Top of Available data

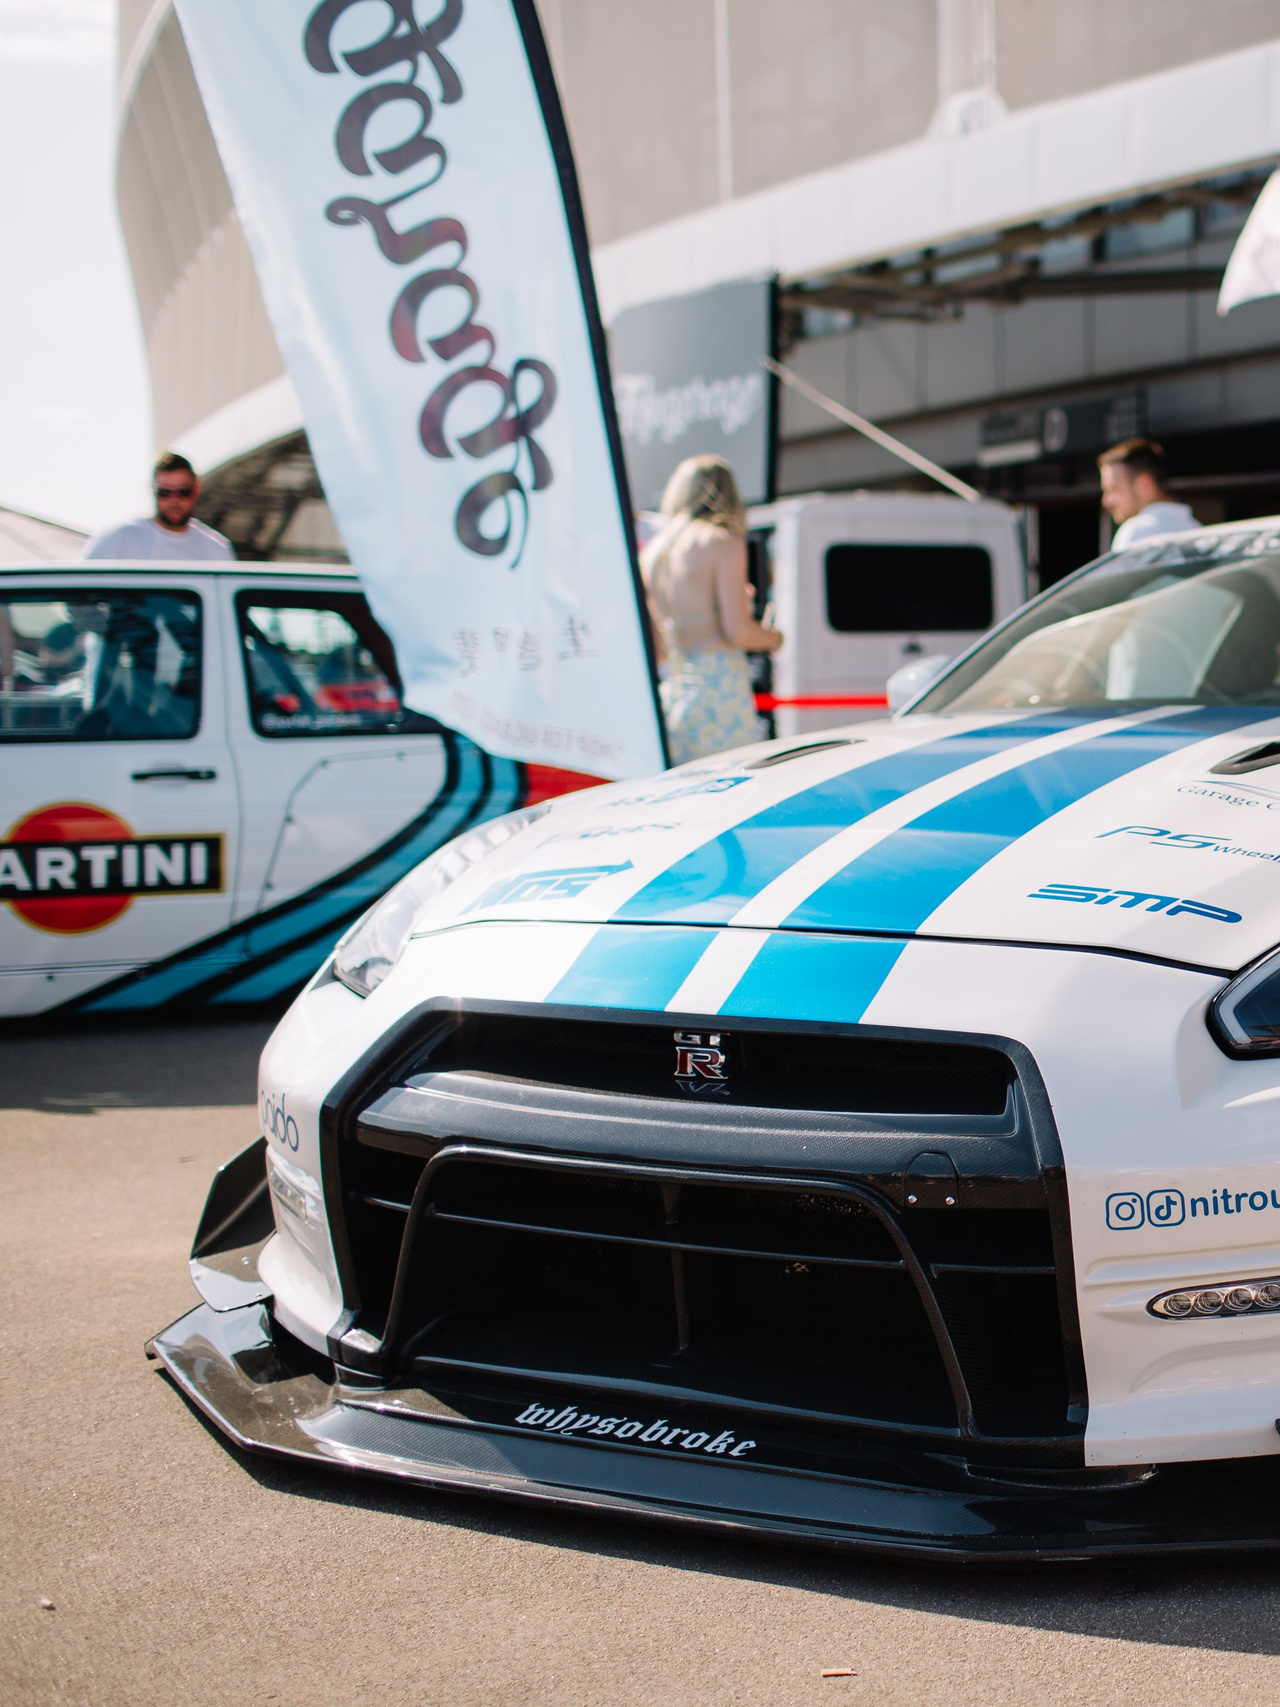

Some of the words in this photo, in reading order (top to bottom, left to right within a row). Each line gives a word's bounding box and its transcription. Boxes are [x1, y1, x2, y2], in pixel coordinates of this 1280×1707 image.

[1177, 784, 1260, 806] Garage
[1094, 825, 1233, 849] PS
[1027, 883, 1242, 924] SMP
[514, 1402, 756, 1457] whysobroke
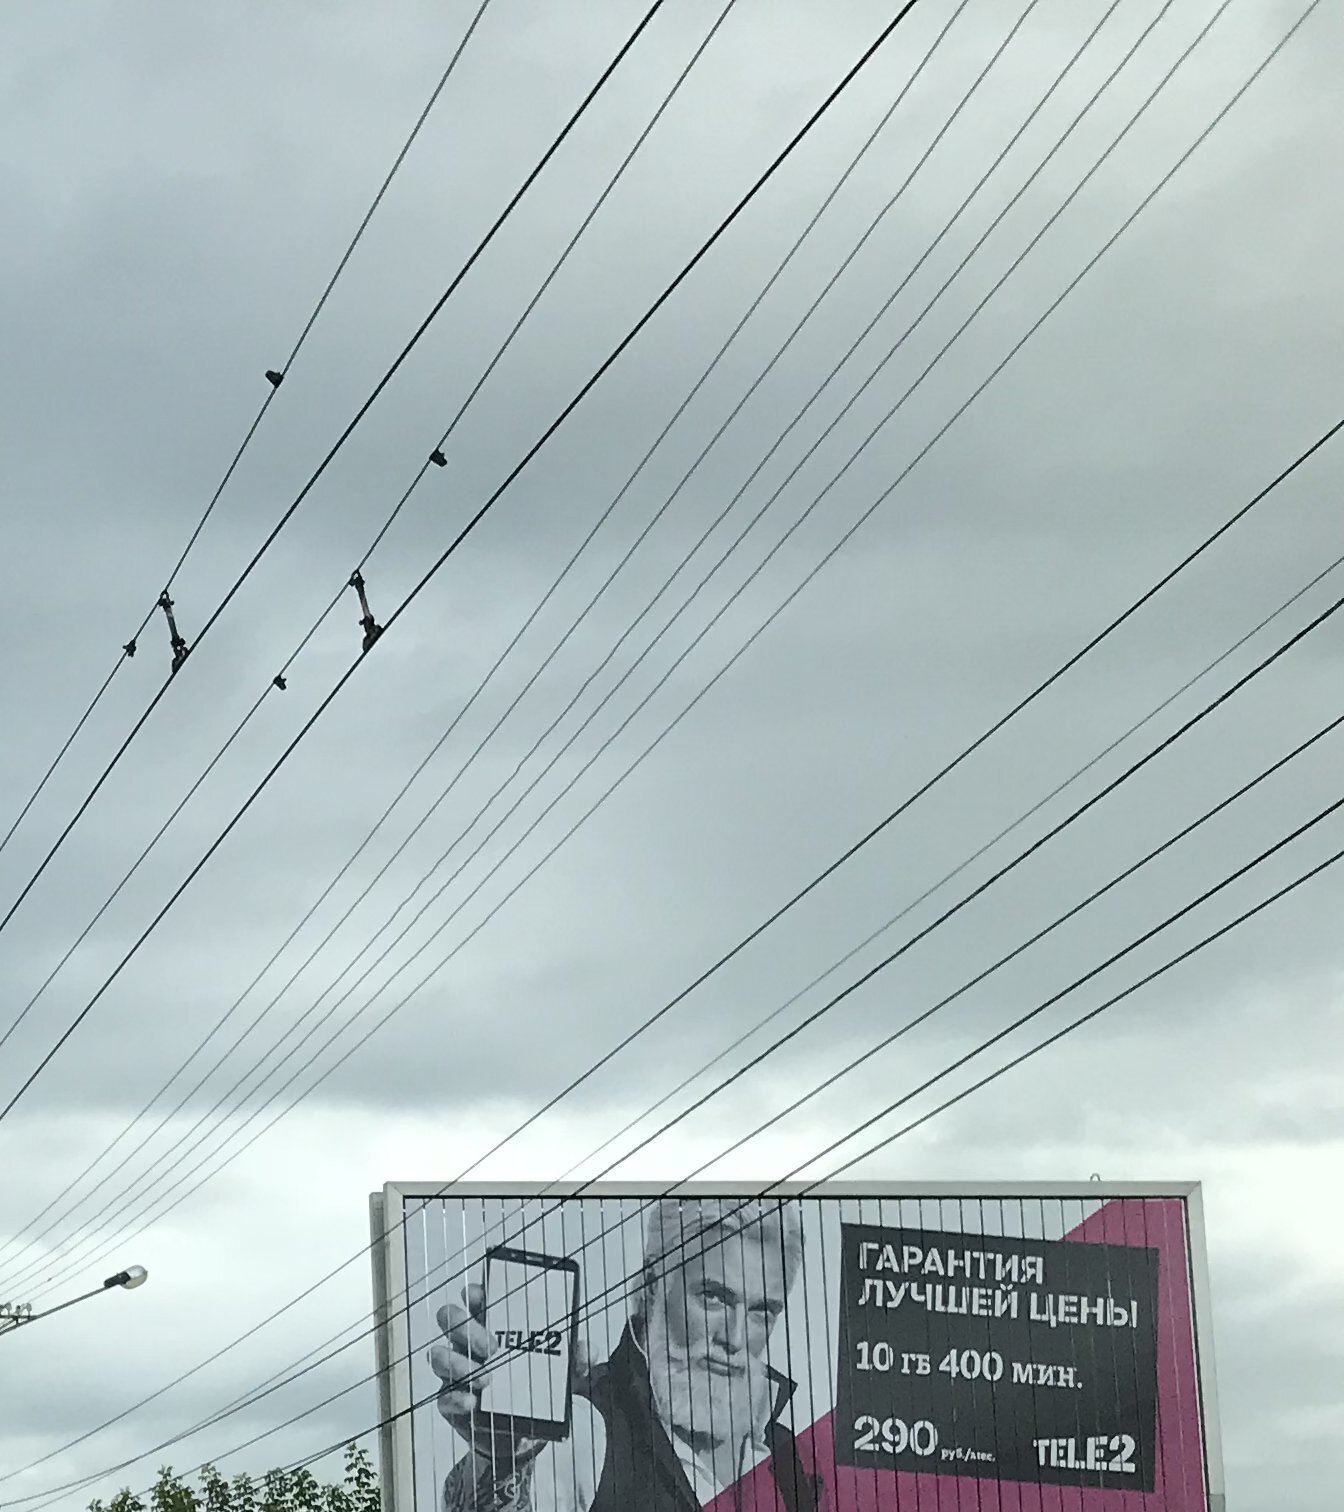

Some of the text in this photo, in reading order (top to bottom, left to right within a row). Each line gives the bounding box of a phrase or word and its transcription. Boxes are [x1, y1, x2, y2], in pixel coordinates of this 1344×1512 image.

[858, 1241, 1044, 1285] ГАРАНТИЯ
[857, 1277, 1139, 1329] ЛУЧШЕЙ ЦЕНЫ
[494, 1329, 562, 1357] TELE2
[855, 1340, 894, 1372] 10
[938, 1348, 1004, 1382] 400
[853, 1414, 939, 1457] 290
[1032, 1433, 1137, 1474] TELE2
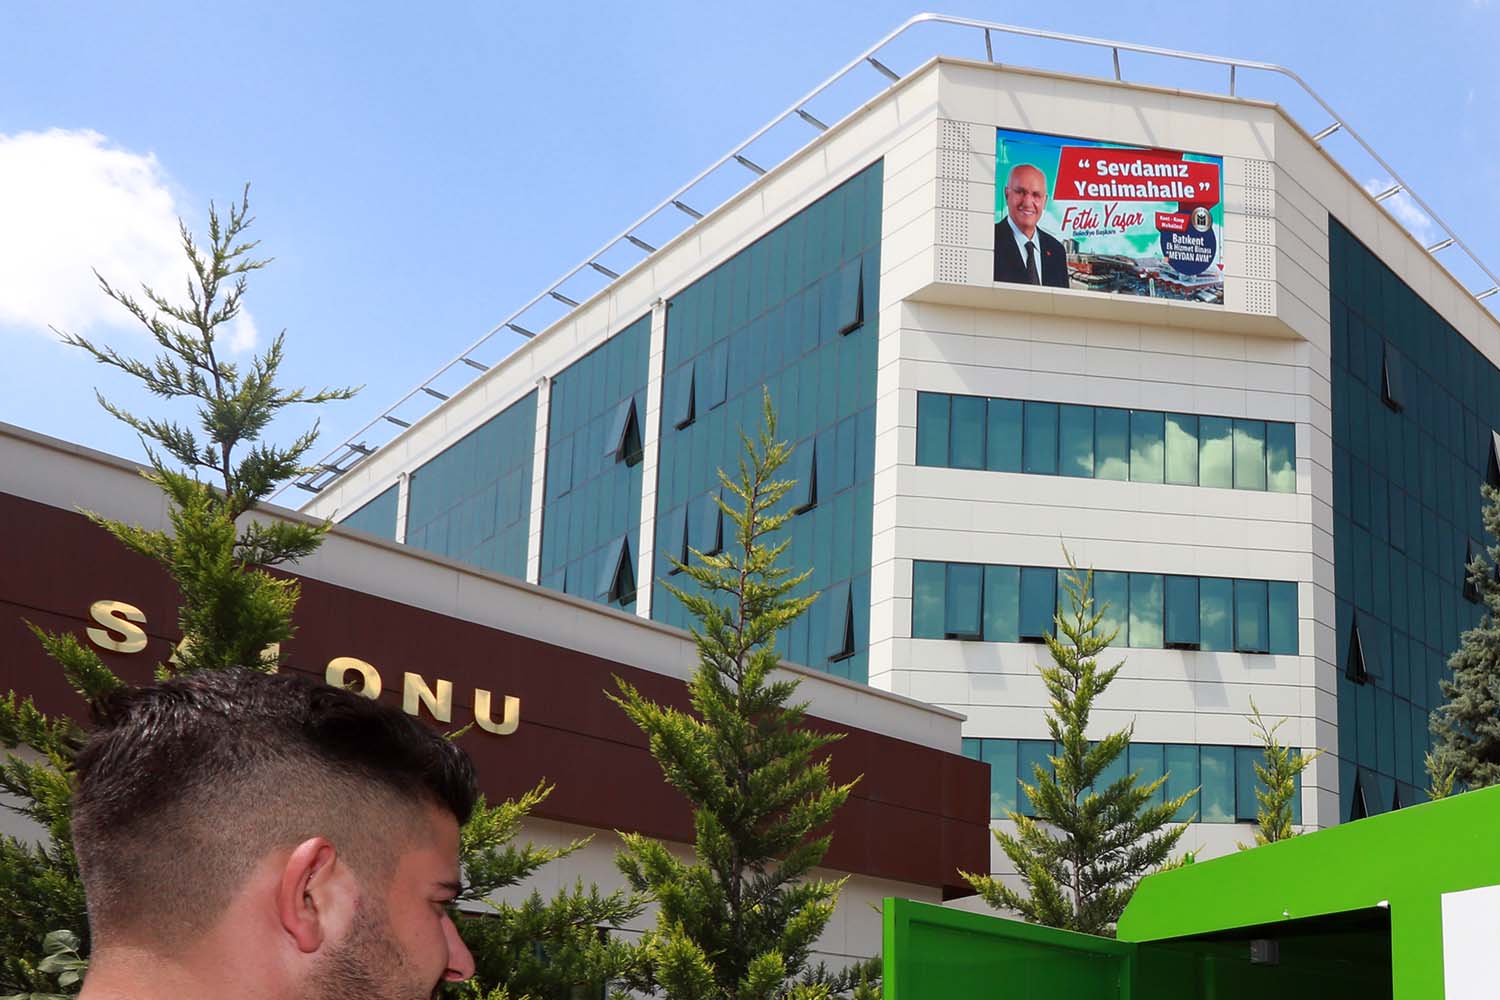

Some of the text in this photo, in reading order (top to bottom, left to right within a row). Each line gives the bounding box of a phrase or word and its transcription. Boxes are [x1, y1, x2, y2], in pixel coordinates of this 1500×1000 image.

Bottom of Available data

*Activity*:
Transcribe the records above exactly, without images.

*Problem solution*:
Some of the words in this photo, in reading order (top to bottom, left to right within a row). Each line gives a word's bounding box and its transcription. Boxes are [x1, y1, x2, y2], in pixel coordinates of this 1280×1707 image.

[1177, 784, 1260, 806] Garage
[1094, 825, 1233, 849] PS
[1027, 883, 1242, 924] SMP
[514, 1402, 756, 1457] whysobroke

Some of the text in this photo, in reading order (top to bottom, left to right within a row). Each line gives the bounding box of a phrase or word and its transcription. Boxes are [x1, y1, x2, y2], in pixel coordinates of this 1344×1512 image.

[858, 1241, 1044, 1285] ГАРАНТИЯ
[857, 1277, 1139, 1329] ЛУЧШЕЙ ЦЕНЫ
[494, 1329, 562, 1357] TELE2
[855, 1340, 894, 1372] 10
[938, 1348, 1004, 1382] 400
[853, 1414, 939, 1457] 290
[1032, 1433, 1137, 1474] TELE2

Some of the text in this photo, in reading order (top to bottom, left to right within a row). Each line gives the bounding box of a phrase or word and its transcription. Boxes are [x1, y1, x2, y2], in pixel coordinates of this 1500×1000 image.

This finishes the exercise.